To address the above problem, we propose an efficient full-depth feature fusion network (FDFNet) for remote sensing pansharpening. The main contributions of this paper can be summarized as follows.

1.: A novel FDFNet is designed to learn the continuous features for the PAN image, MS images, and the fusion images through three branches, separately. These three branches are arranged in parallel. The transfer of feature maps and information interaction among the three branches are carried out at different depths of the network, enabling the network to generate specific representations for images of various properties and the relationships between them.
2.: The features extracted from the MS branch and PAN branch will be injected into the fusion branch at every different depth, promoting the network to characterize better and integrate the detailed low-level features and high-level semantic features.

Extensive experiments on reduced- and full-resolution datasets captured by WorldView-3, QuickBird, and GaoFen-2 satellites prove that the proposed FDFNet with less than 100,000 parameters could exceed the other competitive methods. And the comparisons with the LR-MS and high performance DMDNet [34] are shown in Figure 1 for a WorldView-3 dataset.

2. Related Works

In this section, a brief review of several DL-based methods [34,35,36,37] for pansharpening will be presented.

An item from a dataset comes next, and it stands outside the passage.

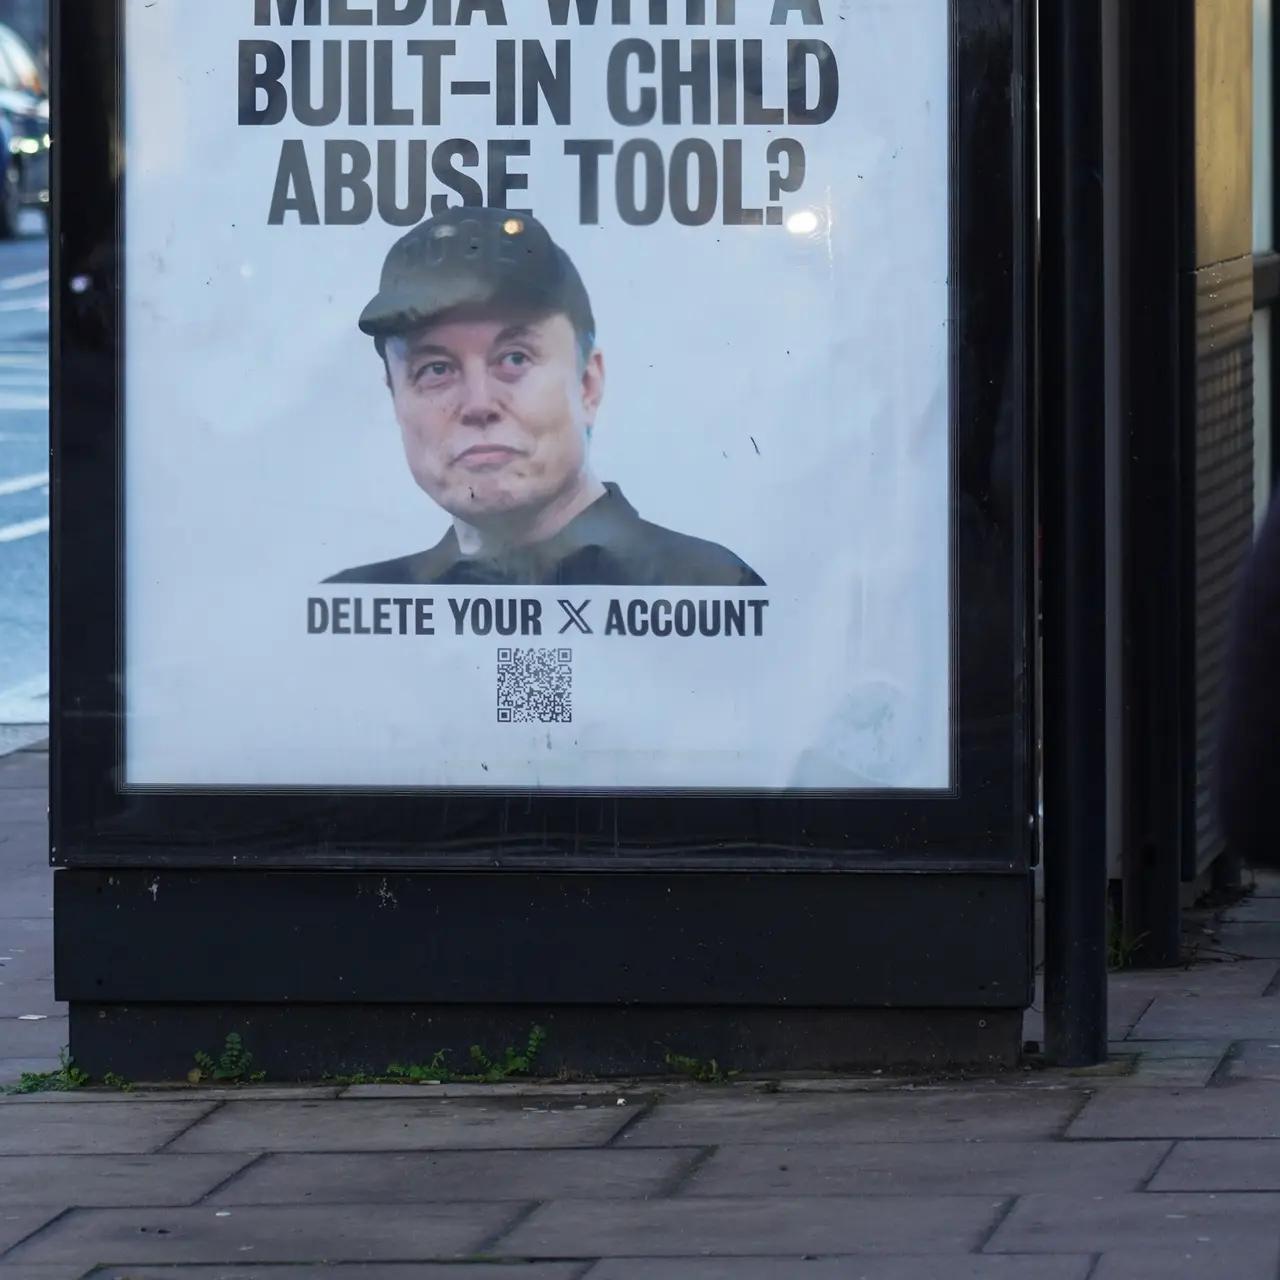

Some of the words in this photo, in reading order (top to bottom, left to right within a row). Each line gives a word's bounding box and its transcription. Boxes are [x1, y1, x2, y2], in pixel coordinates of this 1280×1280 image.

The successful use of deep CNNs in a wide range of computer vision tasks has more recently led researchers to exploit their nonlinear fitting capabilities for image fusion problems such as pansharpening. In 2016, Masi et al. [37] firstly attempted to apply CNNs to solve the pansharpening problem, particularly by replicating three convolution layers. The pansharpening neural network (PNN) was designed and trained on big data. Though with such a simple network structure, its performance surpasses almost all traditional methods, indicating the great potential of CNNs for pansharpening, and it motivates many researchers to carry out further research based on deep learning. In 2017, Yang et al. [35] proposed a neural network with residual learning modules called PanNet, which are easier for retrieving training results and could reach convergence more quickly than PNN. Another important innovation of their work is that the known HR-PAN image and LR-MS image are high-pass filtered before being input into PanNet so that the network can focus more on the feature extraction of edge details of the images. Thanks to its high-frequency operation and simple network structure, PanNet has good generalization ability, making it competent for different datasets.

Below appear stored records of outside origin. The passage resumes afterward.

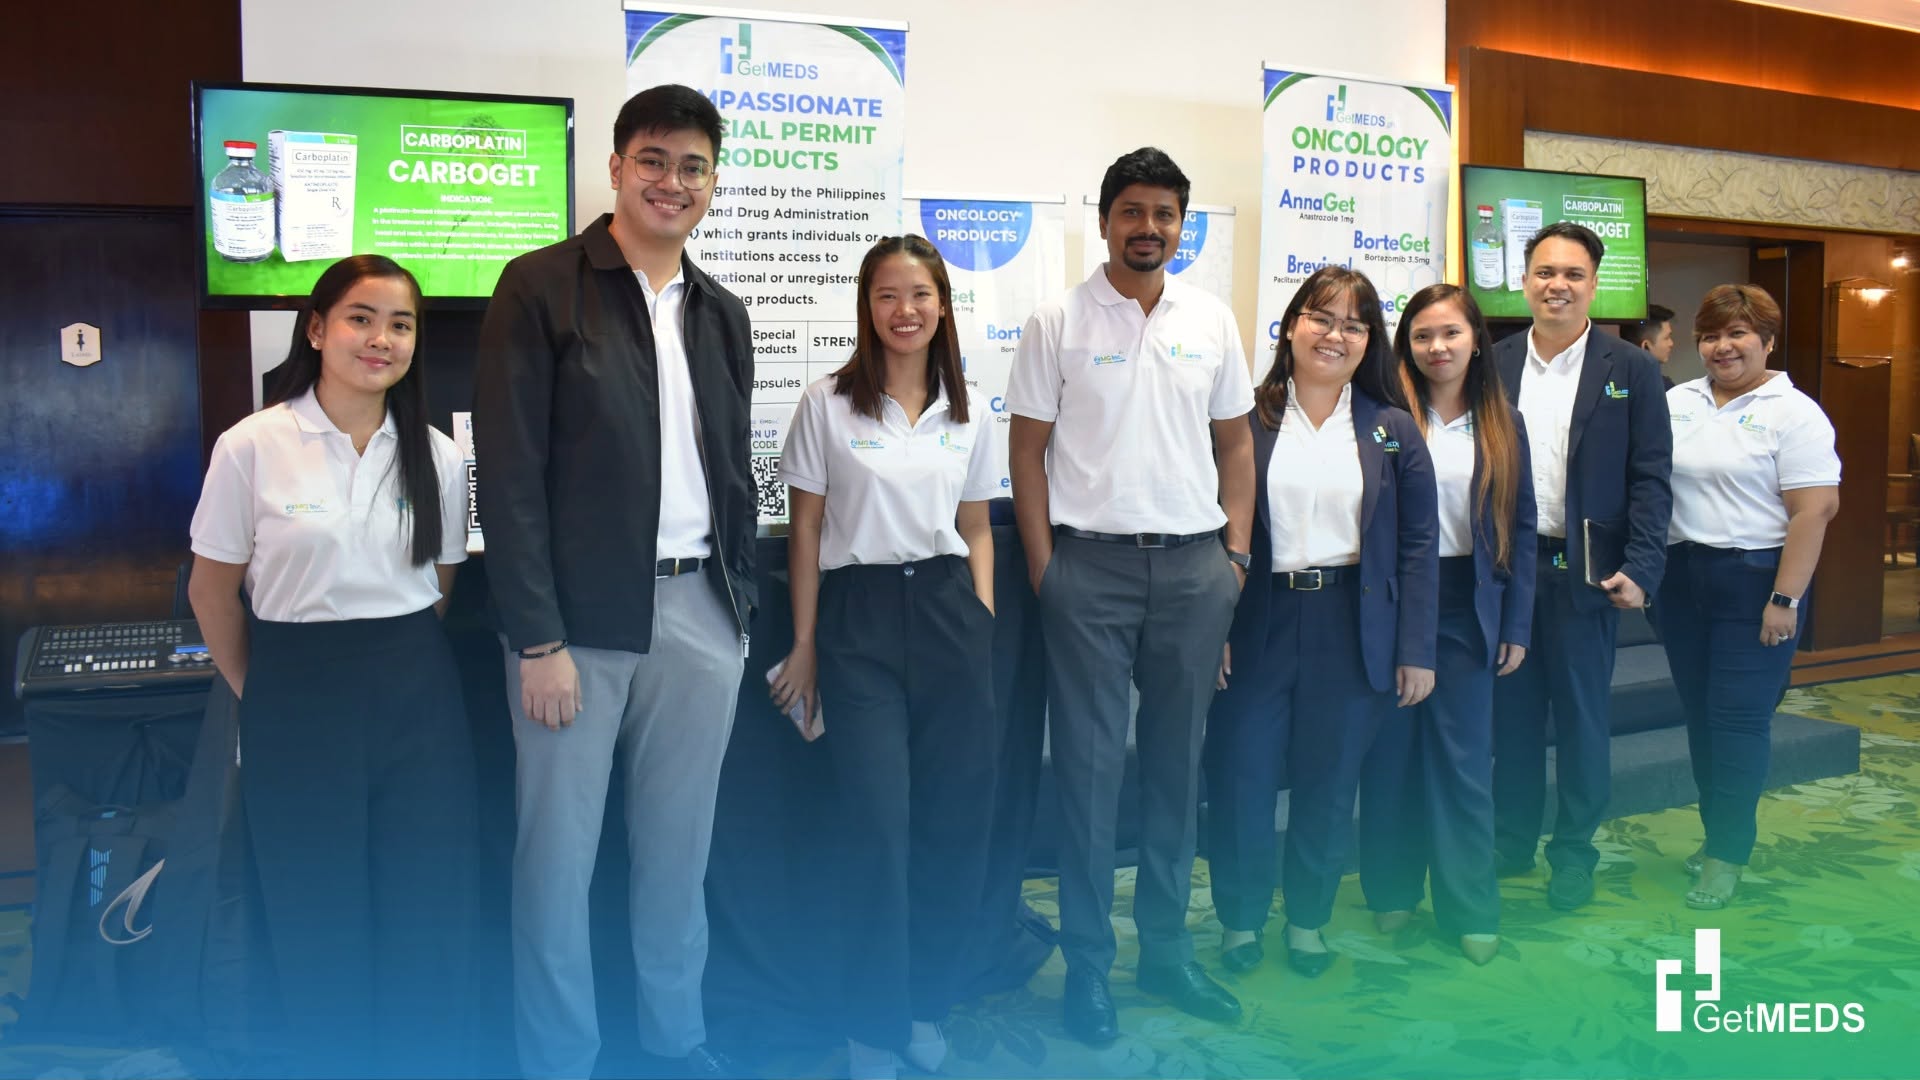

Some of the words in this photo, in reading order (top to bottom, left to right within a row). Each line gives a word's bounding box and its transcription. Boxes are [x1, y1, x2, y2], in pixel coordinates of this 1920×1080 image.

[737, 60, 819, 80] GetMEDS
[698, 89, 883, 118] MPASSIONATE
[721, 119, 773, 140] CIAL
[781, 122, 877, 145] PERMIT
[404, 133, 522, 151] CARBOPLATIN
[1291, 126, 1429, 160] ONCOLOGY
[295, 151, 349, 163] Carboplatin
[717, 147, 839, 171] RODUCTS
[388, 159, 541, 187] CARBOGET
[1293, 156, 1425, 184] PRODUCTS
[714, 186, 767, 199] granted
[771, 186, 787, 199] by
[791, 187, 812, 198] the
[816, 187, 886, 200] Philippines
[1279, 189, 1356, 214] AnnaGet
[1565, 200, 1622, 214] CARBOPLATIN
[707, 206, 733, 217] and
[737, 207, 769, 220] Drug
[774, 208, 869, 221] Administration
[935, 208, 1018, 222] ONCOLOGY
[1299, 212, 1339, 222] Anastrozole
[1341, 215, 1354, 225] 1mg
[703, 229, 743, 240] which
[747, 230, 788, 243] grants
[792, 230, 861, 242] individuals
[865, 233, 879, 242] or
[937, 229, 1018, 242] PRODUCTS
[1354, 230, 1430, 253] BorteGet
[700, 250, 775, 262] institutions
[778, 253, 821, 262] access
[825, 252, 839, 263] to
[1364, 253, 1406, 263] Bortezomib
[1407, 256, 1430, 266] 3.5mg
[770, 274, 785, 284] or
[787, 273, 860, 286] unregistere
[757, 295, 818, 306] products.
[752, 329, 796, 342] Special
[986, 324, 1022, 341] Bort
[753, 344, 797, 354] roducts
[813, 336, 856, 347] STREN
[752, 377, 801, 391] apsules
[764, 430, 778, 438] UP
[752, 440, 778, 449] CODE

In 2019, a lightweight network named detail injection-based convolutional neural networks (DiCNN1) was designed by He et al. [36], which discards the residual structure used in PanNet. It injects the LR-MS image into the HR-PAN image and then inputs it to the network that contains only three convolution layers and two ReLU activation layers. Though the number of parameters of DiCNN is small, its performance is superior to PanNet, and it also surpasses PanNet in terms of processing speed, making it more efficient in real application scenarios.

Most recently, Hu et al. [71] proposed multi-scale dynamic convolutions that extract detailed features of PAN images at different scales to obtain effective detail features. In [70], a simple multibranched feature extraction architecture was introduced by Lei et al. They used a gradient calculator to extract spatial structure information of panchromatic maps and designed structural and spectral compensation to fully extract and preserve the spatial structural and spectral information of images. Jin et al. [42] proposed a Laplacian pyramid pansharpening network architecture which is designed according to the sensors’ modulation transfer functions.

In addition, Fu et al. [34] proposed a deep multi-scale detail network (DMDNet), which adopts grouped multi-scale dilated convolutions to sharpen MS images. By grouping a common convolution kernel, the computational burden can be reduced with almost no reduction in feature extraction and characterization capabilities. In addition, the use of multi-scale dilated convolution can not only expand the receptive field of the network but also perceive spatial features on different scales. Innovative use of dilated convolution and multi-scale convolution to replace the general convolution for feature characterization make DMDNet achieve state-of-the-art performance.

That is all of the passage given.